━━━━━ Provided entries ━━━━━
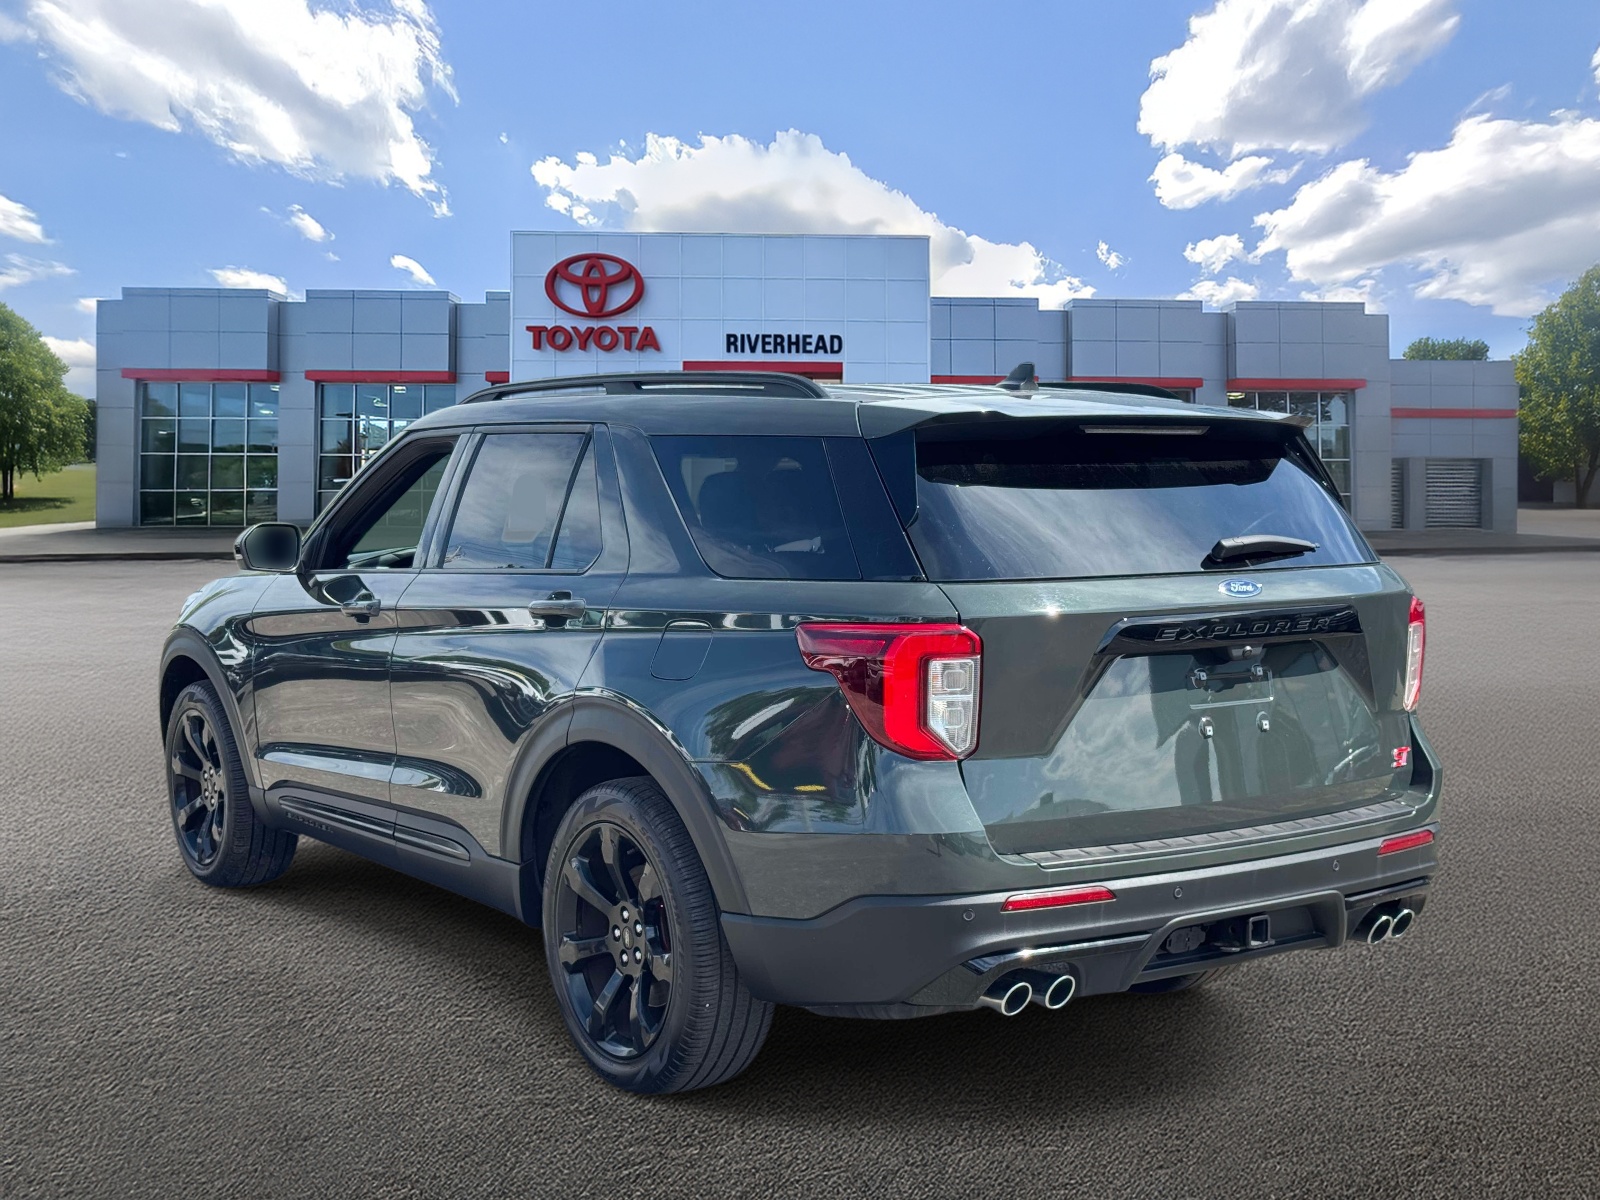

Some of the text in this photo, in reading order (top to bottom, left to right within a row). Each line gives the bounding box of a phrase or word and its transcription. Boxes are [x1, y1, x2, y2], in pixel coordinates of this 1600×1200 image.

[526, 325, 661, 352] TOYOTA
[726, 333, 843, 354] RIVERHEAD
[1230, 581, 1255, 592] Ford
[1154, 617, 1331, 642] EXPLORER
━━━━━
**Work required:**
Set down the entries above exactly, and keep every picture out of your copy.

**Written response:**
Some of the text in this photo, in reading order (top to bottom, left to right within a row). Each line gives the bounding box of a phrase or word and its transcription. Boxes are [x1, y1, x2, y2], in pixel coordinates of this 1600×1200 image.

[526, 325, 661, 352] TOYOTA
[726, 333, 843, 354] RIVERHEAD
[1230, 581, 1255, 592] Ford
[1154, 617, 1331, 642] EXPLORER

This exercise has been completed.